De regering geeft aan dat met het nu voorliggende wetsvoorstel slechts een eerste stap wordt gezet op weg naar een gemeenschappelijk Europees luchtruim. Een volgende stap zal worden gezet voor 31 december 2006 wanneer de Commissie aan zowel het Europees Parlement als de Raad verslag heeft moeten uitbrengen over een studie naar de voorwaarden waaronder het concept van het gemeenschappelijke Europese luchtruim in de toekomst ook op het lagere luchtruim van toepassing kan zijn. Is de regering voornemens om in de nota naar aanleiding van het verslag rekening te houden met de conclusies van eerder genoemd verslag? Kan de regering ook aangeven op welke wijze zij betrokken is bij de totstandkoming van het verslag en of zij een visie heeft op de wijze waarop positie van de Mainport Schiphol zo goed mogelijk tot haar recht komt bij toekomstige ontwikkelingen? Mocht die visie niet bestaan, is de regering voornemens om deze te ontwikkelen?

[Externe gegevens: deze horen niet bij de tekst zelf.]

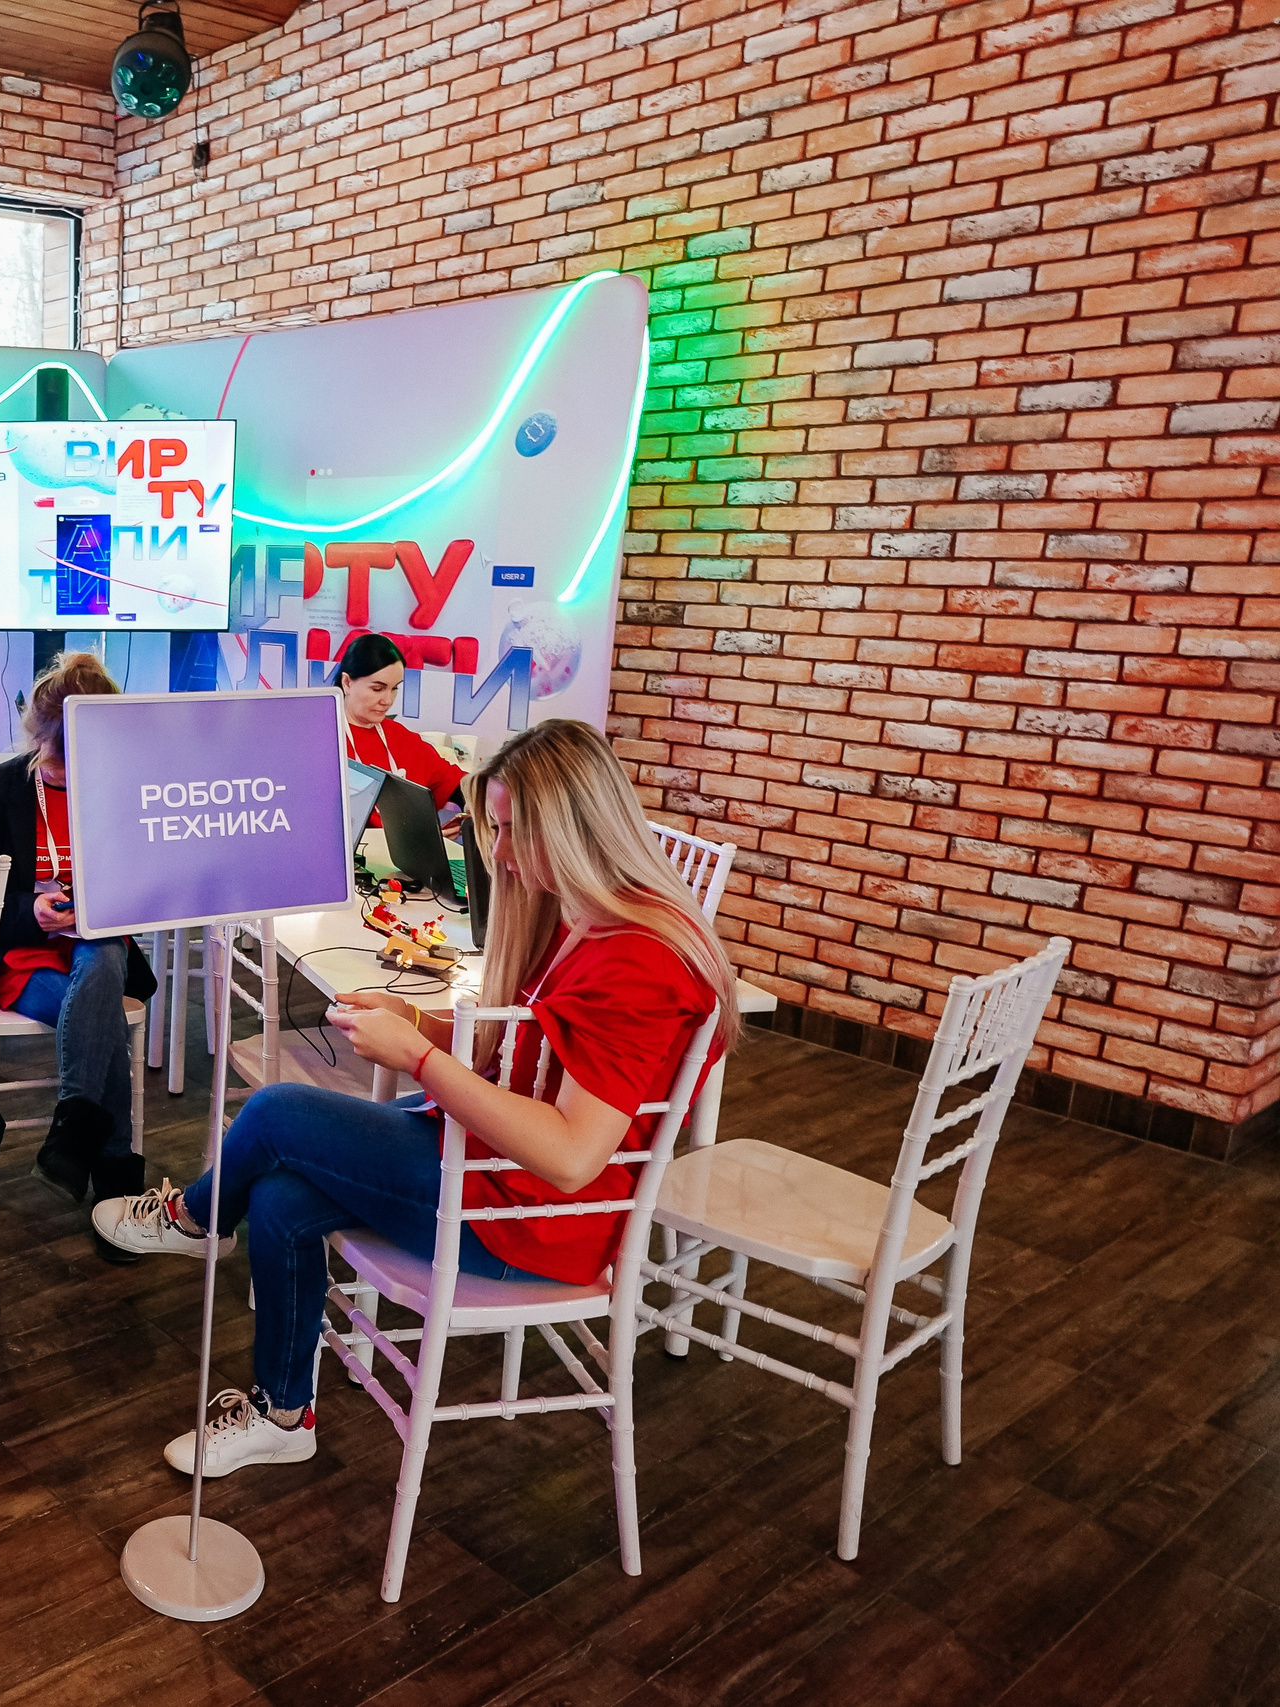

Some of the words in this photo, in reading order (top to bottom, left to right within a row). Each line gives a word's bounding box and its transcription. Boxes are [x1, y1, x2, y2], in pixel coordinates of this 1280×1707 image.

[65, 438, 188, 479] ВИР
[147, 479, 227, 519] ТУ
[140, 777, 286, 810] РОБОТО-
[139, 808, 291, 842] ТЕХНИКА

De implementatie heeft volgens de regering zo lang op zich laten wachten omdat er eerst overeenstemming bereikt diende te worden over de gemeenschappelijke eisen voor het certificaat en het in de ogen van de regering niet wenselijk zou zijn om de Wet luchtvaart twee maal te wijzigen. Kan de regering aangeven hoe groot de kans is dat deze eisen op termijn aangepast zullen worden en er niet gekozen is om via een ministeriele regeling deze eisen in de wet op te nemen om zo in de toekomt eventuele wijzigingen eenvoudiger te kunnen implementeren?

De leden van de PvdA-fractie hebben met belangstelling kennis genomen van het onderhavige wetsvoorstel. Deze leden hebben nog enkele nadere vragen.

Zij vragen de regering in te gaan op het probleem waar dit wetsvoorstel een oplossing voor zou moeten bieden, namelijk de vertragingen en congestie, die weer een gevolg zouden zijn van nationale grenzen en moeilijkheden om tot een optimale verdeling te komen tussen civiele en militaire gebruikers. Welke problemen treden er op als gevolg van nationale grenzen? Welke problemen zijn er als het gaat om de verdeling van het luchtruim tussen militaire en civiele gebruikers? Met hoeveel procent gaat de hoeveelheid vertragingen als gevolg van dit wetsvoorstel omlaag?

De leden van de PvdA-fractie vragen wat de laatste stand van zaken is als het gaat om de mogelijkheden voor een schadevergoeding voor consumenten als gevolg van vertraging. Is de regering bereid om medewerking te geven aan de totstandkoming van een geschillencommissie voor de luchtvaartsector, zodat geschillen snel en efficiënt kunnen worden opgelost? Waarom werken luchtvaartmaatschappijen zelf niet goed mee aan de uitvoering van deze Europese regelgeving, en waarom wijzen zij hun klanten zelf niet op de mogelijkheden voor compensatie bij vertragingen? Is de regering bereid om de Consumentenautoriteit in te zetten om meer bekendheid te geven aan het bestaan van de compensatieregeling en de uitvoering ervan te realiseren?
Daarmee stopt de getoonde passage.